Trumpageddon

So much #losing

U.S. President Donald Trump speaks at a campaign rally for the Republican candidates for U.S. Senate, January 4, 2021 in Dalton, Georgia. (Photo by Alex Wong/Getty Images)

Even after the madness of the last four years, today’s news cycle will be extraordinary. We don’t know how messy, or absurd, or violent it may get, but we do know this: today will put an exclamation mark on the deplorable ending of Donald Trump’s disgraceful presidency.

Welcome to the Countdown Journal. Today is the day that Congress counts the Electoral College votes. There are 14 days until the Inauguration of Joe Biden.

In retrospect, Lindsey Graham was prophetic.

In his single term, Donald Trump has managed to lose not just the presidency, but also the House, and now the Senate. The final votes from Georgia aren’t in yet, but Democrats have won both senate seats there, suggesting that perhaps embracing Trump’s deranged coup attempt was not, after all, good politics.

Make no mistake, the stunning double defeat was entirely about Trump. And Trump will lose again today in Congress after a debate that will be both clownish and dangerous.

He will not only leave office in ignominy, but also leave behind a deeply wounded and divided GOP that has done so much to enable his mendacity and idiocy.

And by idiocy, I mean this:

Let’s take a moment to ponder this final shit sandwich that Trump is offering congressional Republicans.

Of all the moronic takes in a sea of insanity and stupidity, the president has settled on the most absurd. No, Mike cannot “send it back.” The vice president cannot overturn a presidential election. No rational human being thinks that he can.
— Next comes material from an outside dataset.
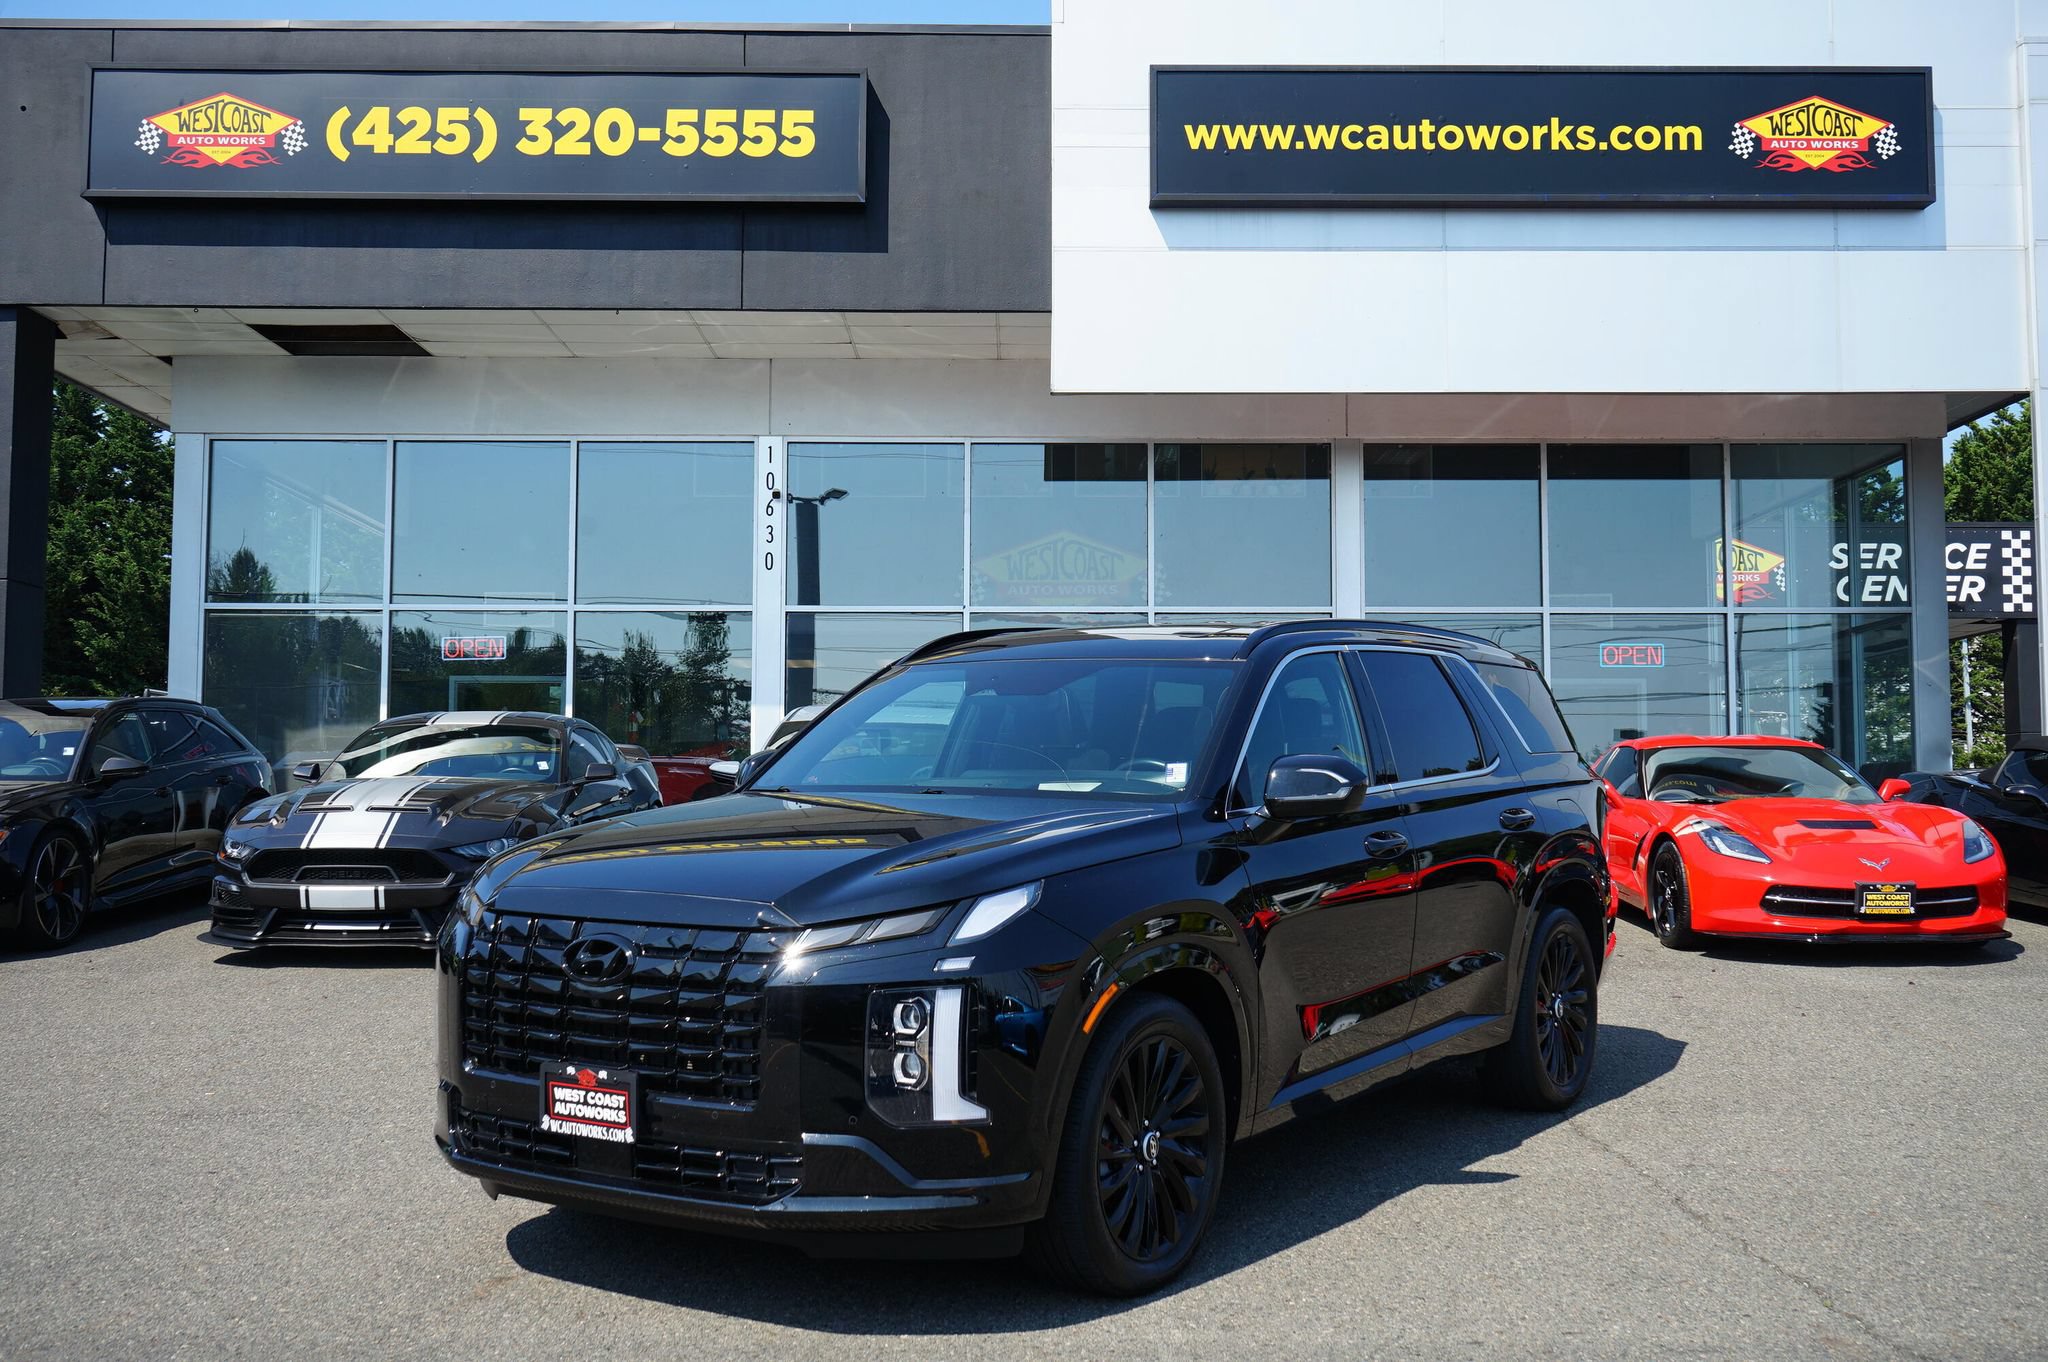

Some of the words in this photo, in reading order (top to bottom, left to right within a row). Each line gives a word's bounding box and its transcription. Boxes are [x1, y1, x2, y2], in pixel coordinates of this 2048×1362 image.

Even members of the Sedition Caucus are embarrassed.

So what can we make of Trump’s latest gibberish?

Let’s rewind the tape: Trump has tried everything he can think of to steal the election: he has lied about the process, spread baseless conspiracy theories, and bullied election officials.
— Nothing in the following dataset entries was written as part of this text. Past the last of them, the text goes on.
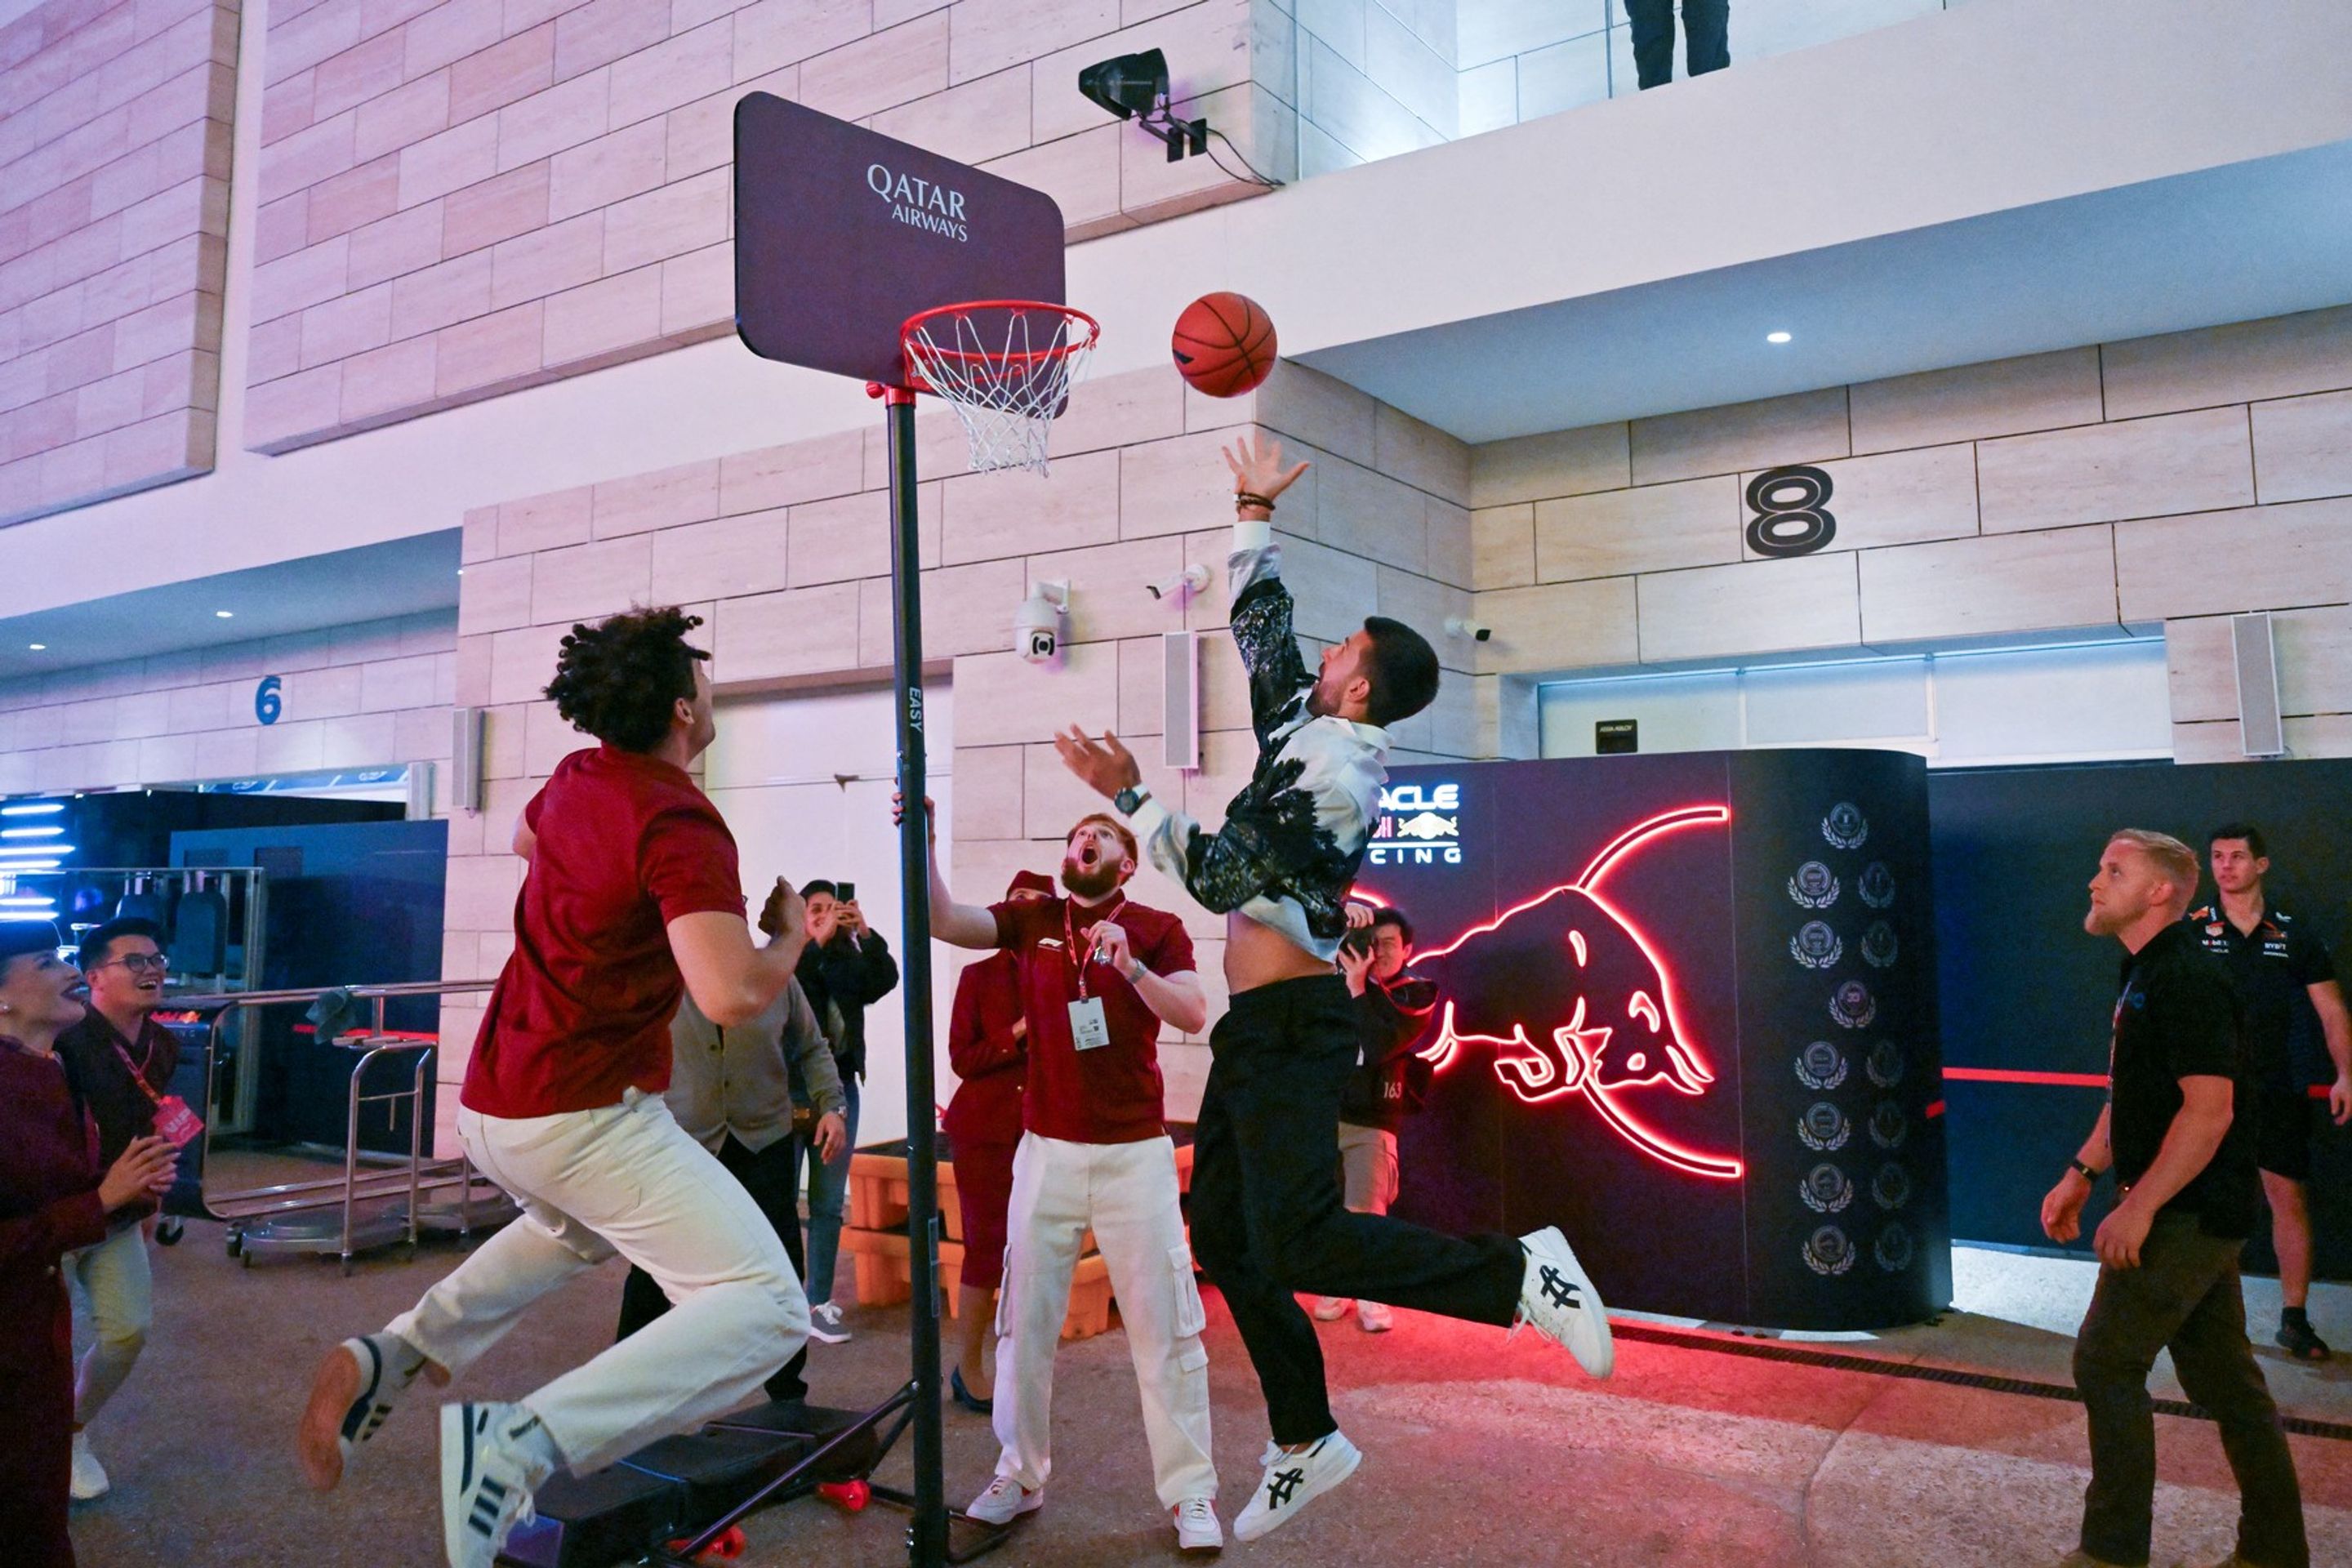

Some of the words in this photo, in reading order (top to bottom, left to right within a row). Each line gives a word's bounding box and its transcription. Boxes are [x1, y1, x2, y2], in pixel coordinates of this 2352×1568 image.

[867, 163, 966, 221] QATAR
[892, 203, 968, 243] AIRWAYS
[1745, 465, 1837, 558] 8
[255, 675, 282, 726] 6
[909, 686, 923, 733] EASY
[1383, 1081, 1402, 1099] 163
He tried to get the Department of Justice to find evidence of massive fraud; it wasn’t there.

He tried to get the courts to overturn the results; and failed. He failed in state courts, federal courts, federal appeals courts, and in the U.S. Supreme Court.

He tried to get state legislatures to nullify the popular vote; and failed. He tried to get Republicans in Congress to refuse to certify the election; and failed. He tried to get state officials to “find” him votes; and failed.

So now he is embracing the Louis-Gohmert-stupid-level notion of having Pence throw out the election.

By this point, even Trump must know that he is going lose. But he continues to look for scapegoats, and Mike Pence is today’s designated chump.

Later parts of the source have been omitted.